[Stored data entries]

--

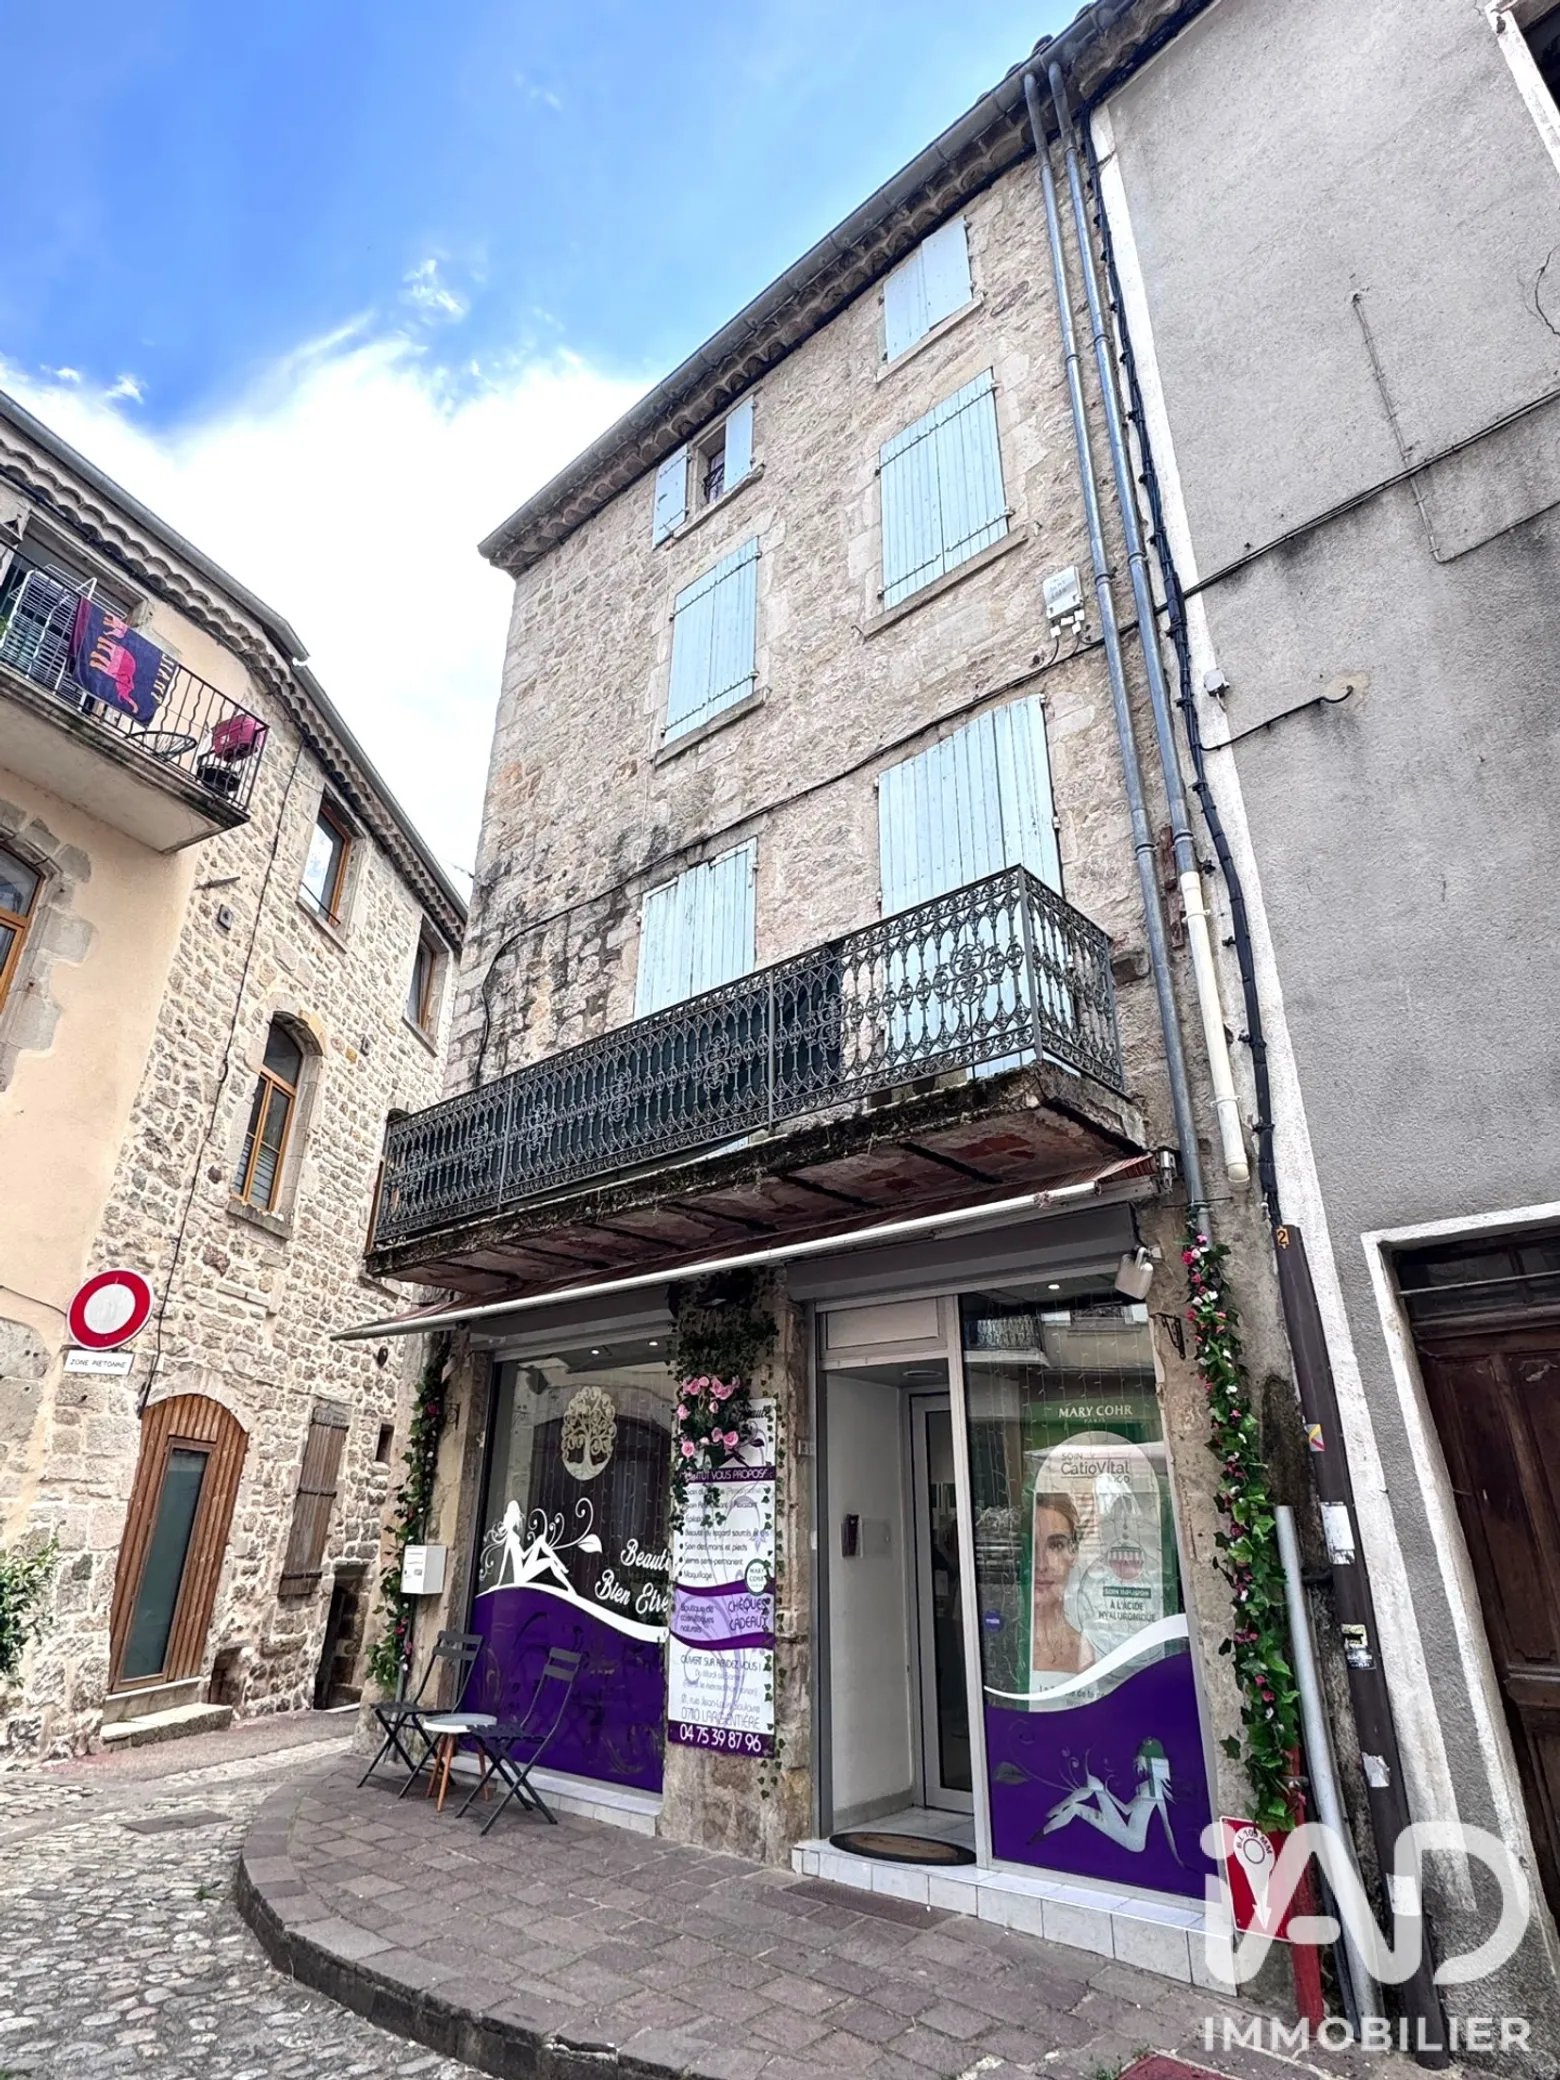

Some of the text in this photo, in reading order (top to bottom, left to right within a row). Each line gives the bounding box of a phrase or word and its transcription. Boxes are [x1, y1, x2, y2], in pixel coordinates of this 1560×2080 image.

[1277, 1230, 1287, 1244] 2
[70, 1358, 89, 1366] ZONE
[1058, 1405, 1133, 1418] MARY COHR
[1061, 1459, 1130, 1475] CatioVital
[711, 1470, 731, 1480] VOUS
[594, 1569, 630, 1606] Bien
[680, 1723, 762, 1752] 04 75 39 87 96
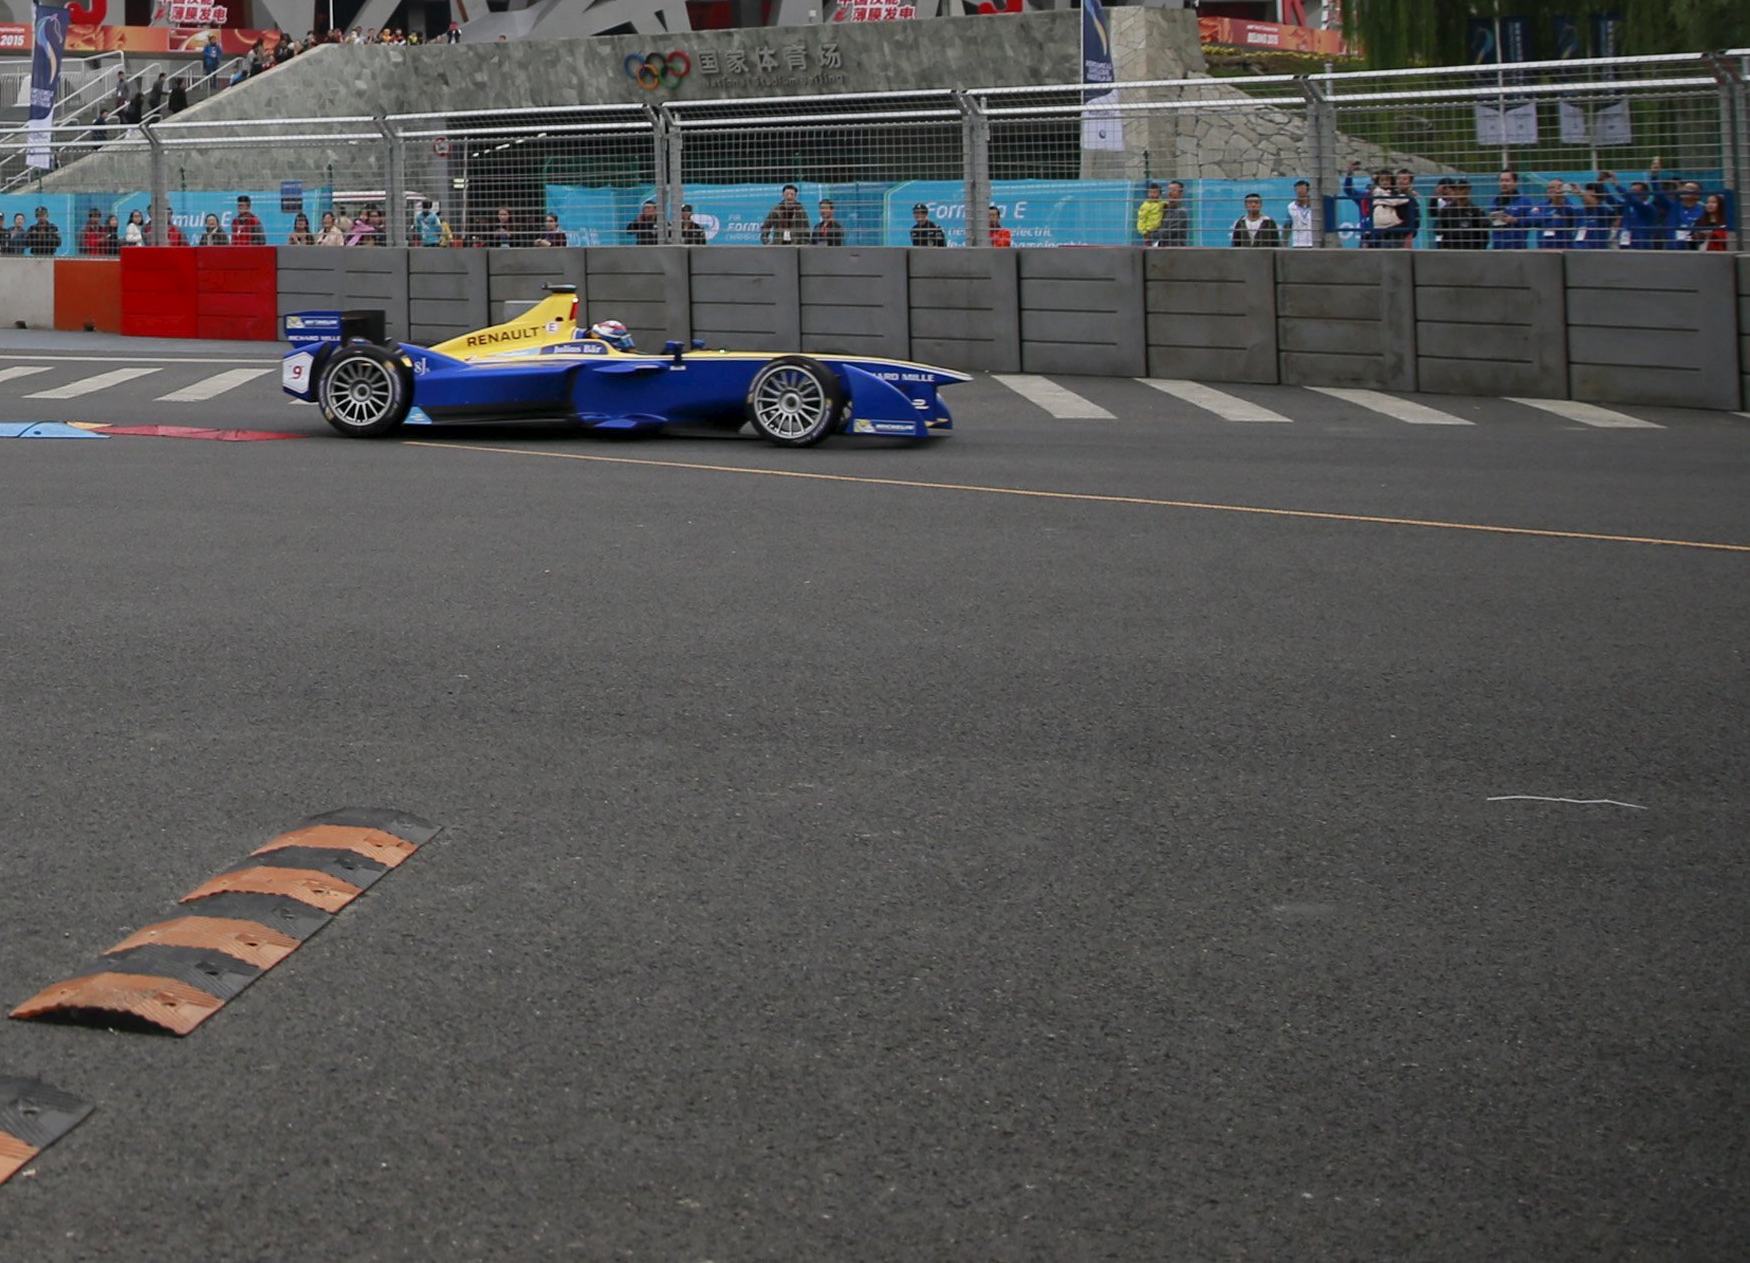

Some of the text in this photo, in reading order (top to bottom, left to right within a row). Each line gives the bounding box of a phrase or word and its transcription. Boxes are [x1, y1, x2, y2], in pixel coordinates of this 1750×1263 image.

--

» **EXERCISE**
All entries must be output exactly as they stand, and every picture must be left out.

» **EXERCISE RESULT**
Some of the text in this photo, in reading order (top to bottom, left to right within a row). Each line gives the bounding box of a phrase or word and its transcription. Boxes are [x1, y1, x2, y2], in pixel coordinates of this 1560×2080 image.

[1277, 1230, 1287, 1244] 2
[70, 1358, 89, 1366] ZONE
[1058, 1405, 1133, 1418] MARY COHR
[1061, 1459, 1130, 1475] CatioVital
[711, 1470, 731, 1480] VOUS
[594, 1569, 630, 1606] Bien
[680, 1723, 762, 1752] 04 75 39 87 96

Some of the text in this photo, in reading order (top to bottom, left to right within a row). Each line gives the bounding box of a phrase or word and its transcription. Boxes are [x1, y1, x2, y2], in pixel coordinates of this 1750×1263 image.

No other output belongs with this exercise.